A Dream of Aeroplanes: 1940

 

A fire next time, I read.  And when it came

it was sky-borne.  Some had said at first

that out of it might come a cleansing;

out of the sky might fall a fire 

 

bright and holy, prophecy fulfilled.  September,

and I trimmed the ivy round the lych-gate.

It was lifting tiles clear of the joists

and my gardener was still in France.

 

That was about as close as the war

had come – censored letters, rumours,

like an invisible tide you can hear at the edge

of the world. Little to see beyond uniforms,

 

gas masks in boxes, gummed paper stretched

over windows.  And then, that afternoon, flying west

and in and out of cloud, the planes, a geometry

of crosses.  I watched and all around

 

the earth stood still.  The organ voice

of their passing scattered rooks, rippled

the water in the rain-butt, rattled a latch.

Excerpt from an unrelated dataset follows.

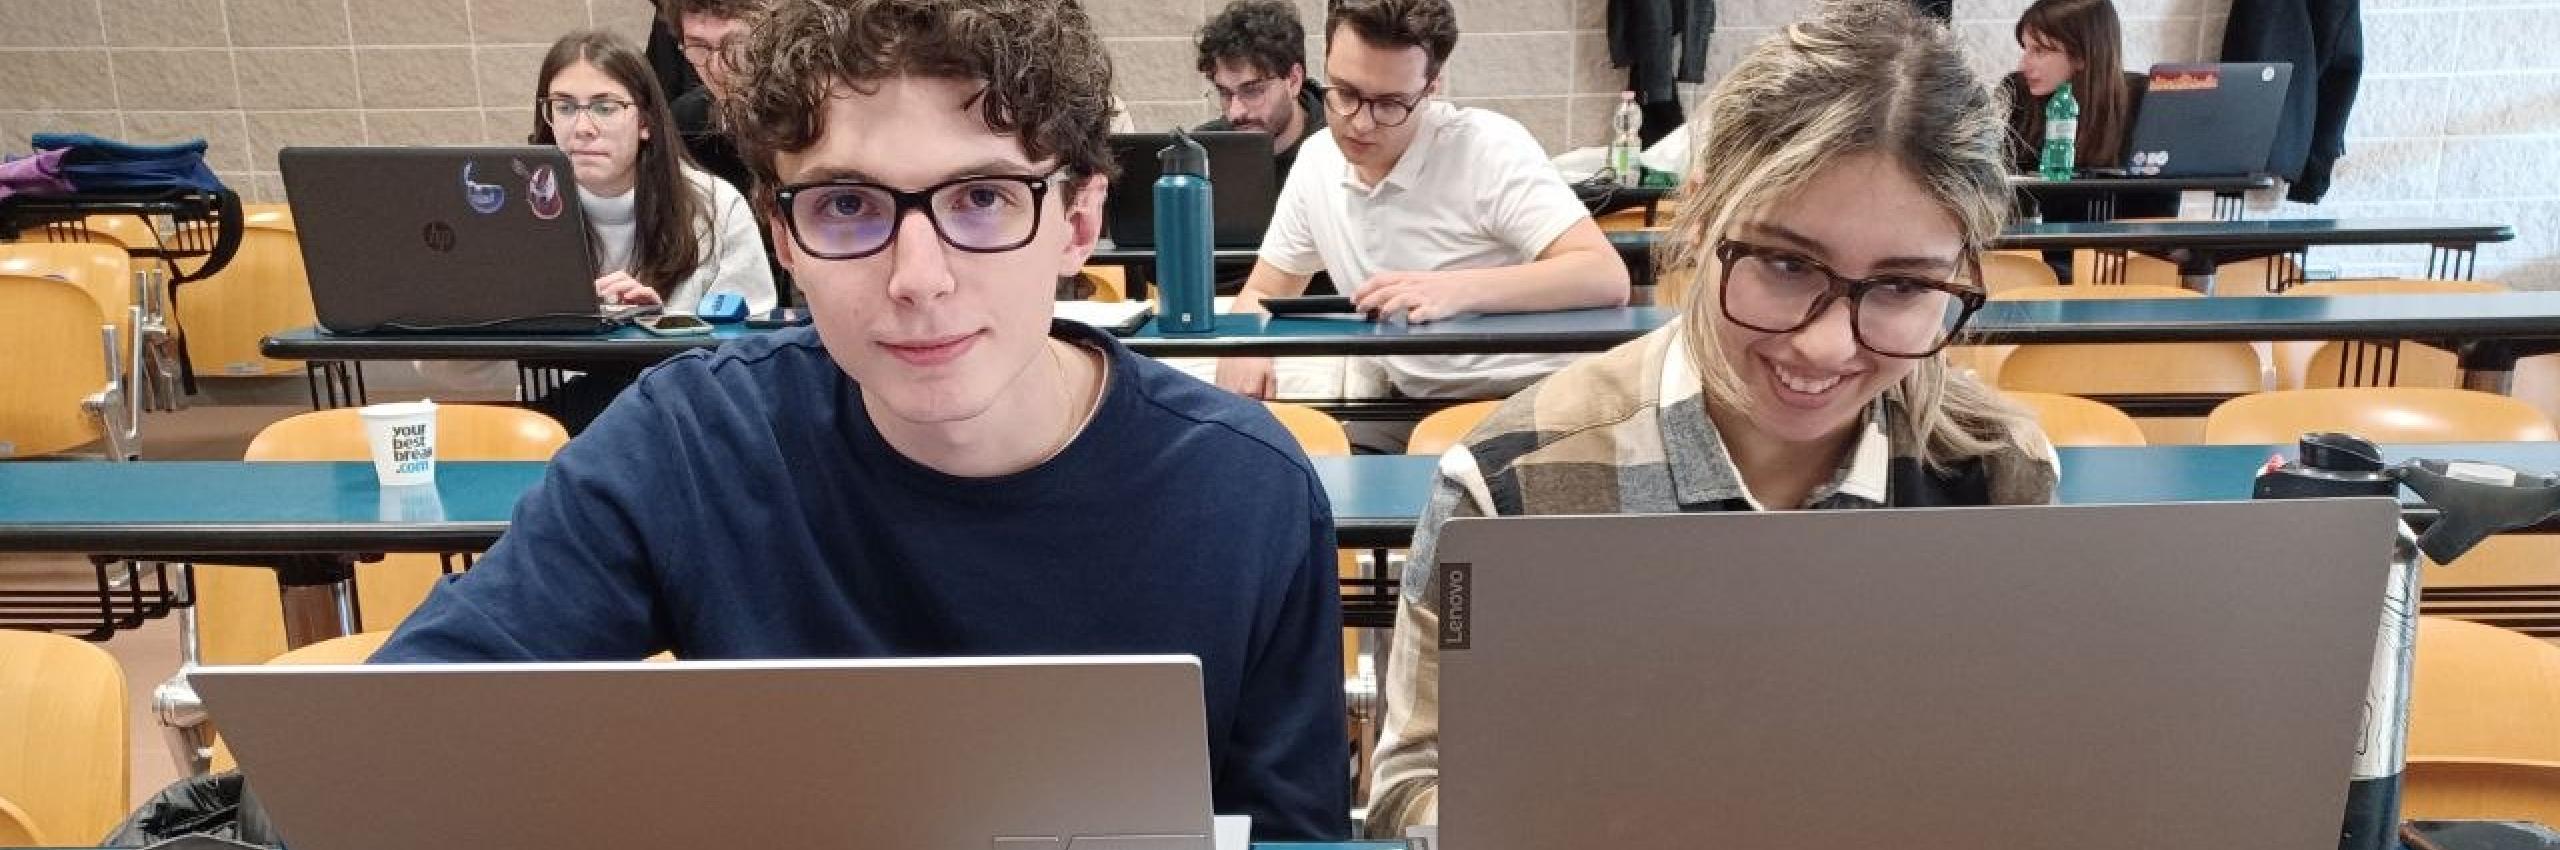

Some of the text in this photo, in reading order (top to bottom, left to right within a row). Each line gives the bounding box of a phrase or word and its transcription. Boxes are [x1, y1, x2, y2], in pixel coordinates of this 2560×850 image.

[428, 222, 453, 250] hp
[392, 424, 426, 437] your
[393, 436, 425, 450] best
[1446, 570, 1463, 643] Lenovo

And then we carried on, conscious only of a sniff

 

of autumn in the air, the planes forgotten

in an empty sky.  That evening we were told

of the bombing – docks ablaze, the tram wires down,

parish halls as hospitals.  But still it came

 

from the wireless voices, morning papers and

the travellers’ tales at the village bar.  Birds trilled;

I picked a sprig of yarrow for my hat, and rain

rushed across the lead roof of the transept.

 

The the Messerschmidt came.  Not quite, as they say

in novels, ‘out of the sun’: it was a dismal morning

stacked with cumulus.  But we can all remember

from our kitchens, hayricks, lonely bedrooms

 

(I was in the vestry hanging surplices) the sound –

a falling cadence, like a voice that begins

in the throat but can’t find words.  ‘Despair’,

it would have said.  We heard it, all of us.

 

But no one saw the plane come down,

just the gout of fire that coiled and spun above

the oasthouse.  Then, when they searched

the fields around, those Home Guard amateurs

 

(the lads who filled my pews at evensong),

they found a booted leg, bloodless, like a spare part

brought along in case of need.  Little Sammy Scase

took the joystick home and his granddad scraped

 

the handle clean.  (‘Viscera’, the vet said later

in the milking parlour). Then it rained again

and the army came to haul away the wreckage.

And no-one ever paid for Vincent’s oasthouse.